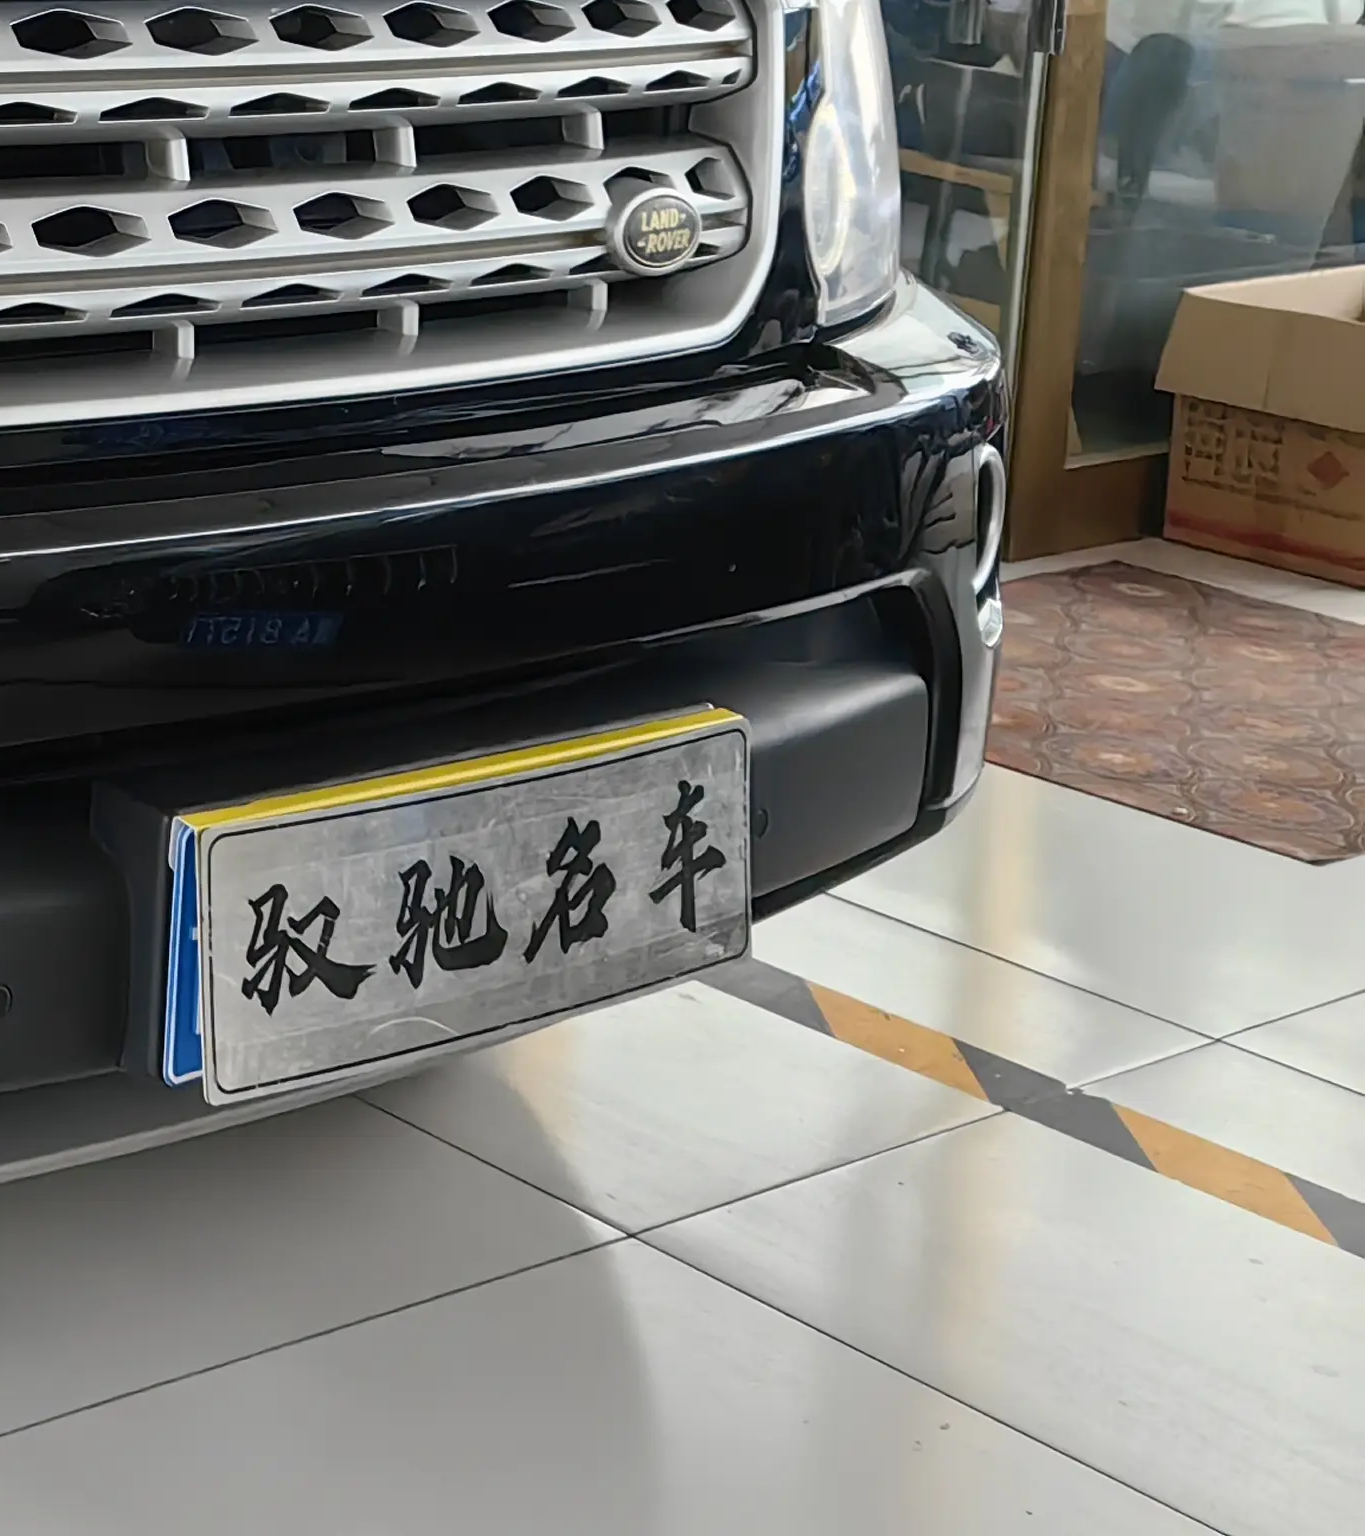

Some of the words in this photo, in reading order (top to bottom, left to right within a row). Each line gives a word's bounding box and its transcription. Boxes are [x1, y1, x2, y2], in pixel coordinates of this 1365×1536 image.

[640, 207, 680, 232] LAND
[645, 228, 691, 254] ROVER
[240, 779, 728, 1017] 驭驰名车
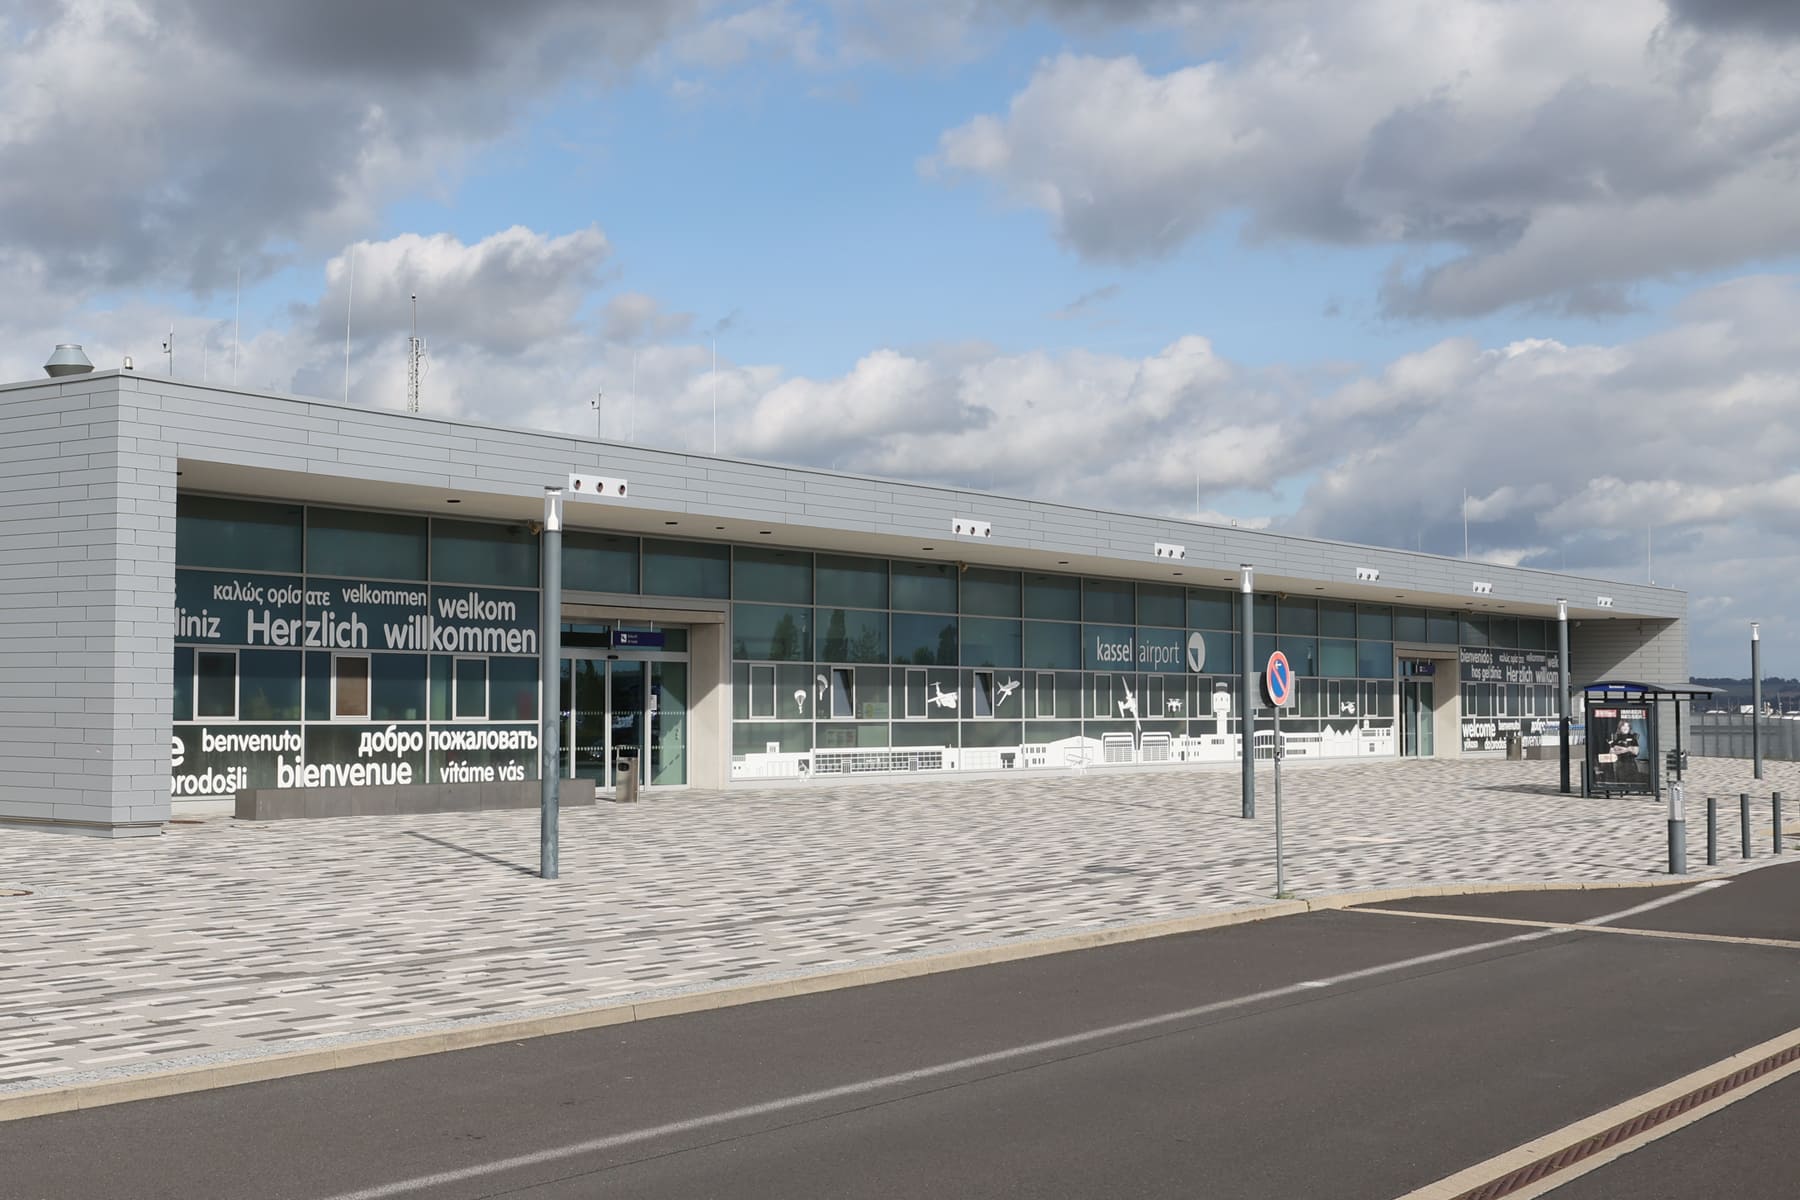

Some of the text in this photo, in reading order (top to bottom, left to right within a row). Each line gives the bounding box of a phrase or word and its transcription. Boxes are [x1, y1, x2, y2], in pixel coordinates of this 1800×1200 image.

[213, 580, 264, 605] καλώς
[342, 583, 427, 606] velkommen
[437, 592, 516, 621] welkom
[247, 608, 536, 653] Herzlich willkommen
[1096, 635, 1180, 671] kassel airport
[202, 728, 301, 752] benvenuto
[358, 725, 538, 758] добро пожаловать
[1462, 718, 1496, 738] welcome
[277, 755, 412, 788] bienvenue
[440, 760, 525, 783] vítáme vás
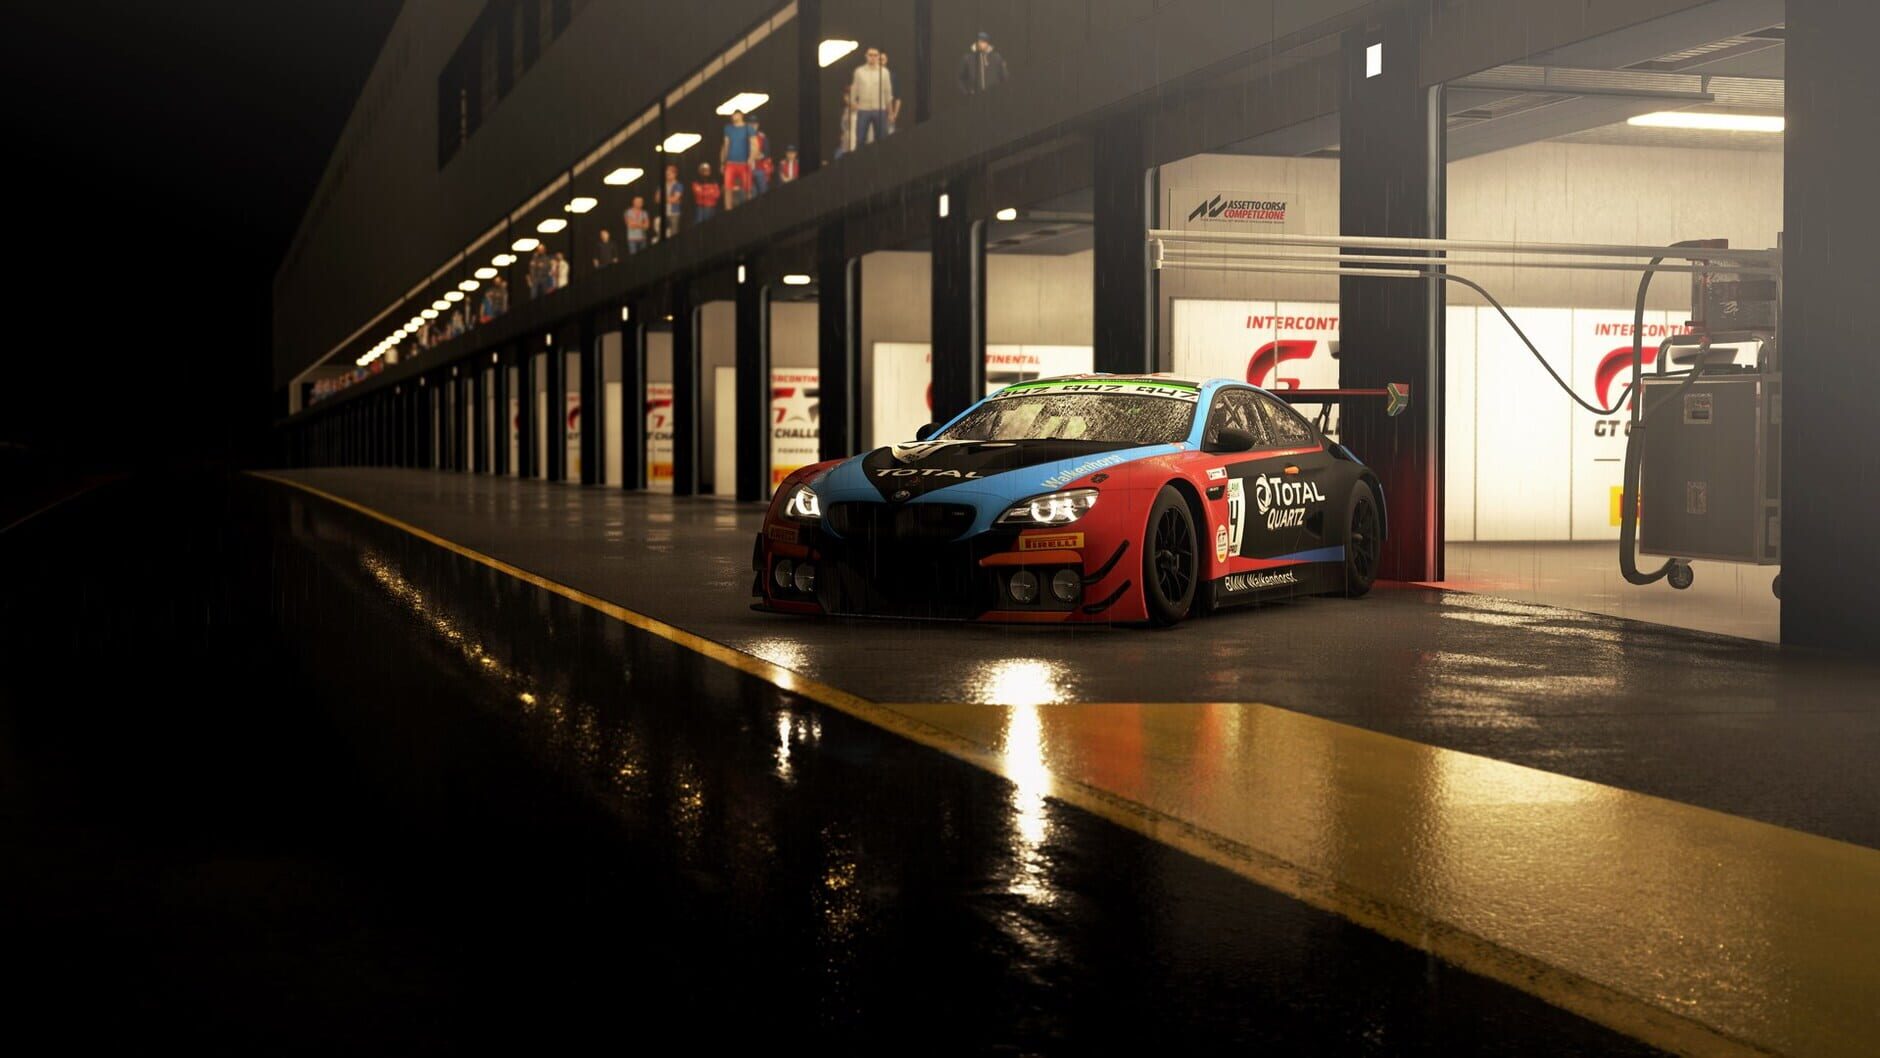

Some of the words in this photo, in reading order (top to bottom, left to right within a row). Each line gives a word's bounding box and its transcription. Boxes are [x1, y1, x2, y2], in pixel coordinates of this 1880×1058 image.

++++

**TO DO:**
The response should reproduce all the material above exactly and leave out its pictures.

**SOLUTION TO THE PROBLEM:**
Some of the words in this photo, in reading order (top to bottom, left to right within a row). Each line gives a word's bounding box and its transcription. Boxes are [x1, y1, x2, y2], in pixel coordinates of this 1365×1536 image.

[640, 207, 680, 232] LAND
[645, 228, 691, 254] ROVER
[240, 779, 728, 1017] 驭驰名车

Some of the text in this photo, in reading order (top to bottom, left to right within a row). Each line gives the bounding box of a phrase or word and its transcription. Boxes are [x1, y1, x2, y2], in pixel coordinates of this 1800×1200 image.

[213, 580, 264, 605] καλώς
[342, 583, 427, 606] velkommen
[437, 592, 516, 621] welkom
[247, 608, 536, 653] Herzlich willkommen
[1096, 635, 1180, 671] kassel airport
[202, 728, 301, 752] benvenuto
[358, 725, 538, 758] добро пожаловать
[1462, 718, 1496, 738] welcome
[277, 755, 412, 788] bienvenue
[440, 760, 525, 783] vítáme vás

Some of the words in this photo, in reading order (top to bottom, left to right within a row). Each line gives a word's bounding box and its transcription. Boxes are [x1, y1, x2, y2], in pixel coordinates of this 1880×1058 image.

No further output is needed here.